Underneath the calm green of the park and the dim gloom of the police car pound — where my rent-a-wreck was no doubt languishing — and the layers upon layers of concrete, are some 5,000 men and women, all with faces pallid from lack of sunlight, from an eternal diet of civil service coffee and civil service ham sandwiches, and made worse by the cold stark glare of the neon strip lighting.
In this weird white-walled, white-lit, white-sound-deadened grotto of corridors and windowless rooms, computers clatter and flash as far away into the distance as the eye can see; people move from department to department on electric tricycles, always clutching wads of files, always in a desperate rush. The casual observer would rapidly form the impression that everyone down here knows exactly what they are doing — much like the impression given to the casual observer of a column of ants — not that there were any casual observers down here; none that British Intelligence knew of, anyway.
When Ian Fleming wrote his Bond books the futuristic headquarters of the lunatic megalomaniacs that adorned the finales of many of his books did not come entirely from his imagination, but in part from his own direct observations of this place during his own service in Intelligence.
Down here everything works; in a matter of seconds one can find out what the weather was like at 3.30 pm on 8 May 1953 in Botswana; or the political affiliation of any professional football-player in the world; or the names of all the owners in England of cars made behind the Iron Curtain, their political affiliations, and probably, if one looked hard enough, the favourite colours and shoe sizes of their grandmothers. At the push of another button the name of the 927th convicted housebreaker in Durham would appear, where he bought his cigarettes from, what his favourite television programme was and what he ate while watching it. Another button would reveal all the known and suspected Communist schoolteachers there were at the present time in Wooton-Under-Edge, or in Ongar, or in Bognor Regis, together with details ranging from their family trees, down, sometimes, to as much as their menstrual cycles or which after-shave their wives gave them for Christmas.

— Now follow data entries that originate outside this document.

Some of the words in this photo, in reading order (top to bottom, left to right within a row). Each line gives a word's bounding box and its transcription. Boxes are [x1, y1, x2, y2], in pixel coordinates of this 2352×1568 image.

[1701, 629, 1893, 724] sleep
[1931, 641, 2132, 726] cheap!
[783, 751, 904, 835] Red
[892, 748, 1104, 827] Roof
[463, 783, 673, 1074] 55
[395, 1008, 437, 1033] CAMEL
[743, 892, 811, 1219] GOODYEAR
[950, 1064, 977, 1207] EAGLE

These 3 square miles make Big Brother look like the village idiot. The only thing I wouldn’t be able to find out down here would be when the next 2 x 4 would come swinging my way so that I’d know when to duck; on the other hand, it might be able to give me a lot of clues.
Arthur Jephcott was a jolly fellow, tweedy and slightly clumsily built, with a thin bony head, an unkempt beard at the bottom and a short pile of tangled hair on top, sparkling eyes, and a pair of hands he never knew quite where to put. He looked as if he would have been more at home marching country lanes with a stout stick, or buried behind piles of dusty books and yellowing manuscripts, in an office crammed full of curios, in a publishing company in Bloomsbury; behind him should have been a window with a view out over dismal, murky streets, and the office should have had an overriding smell of faded leather, damp and dust.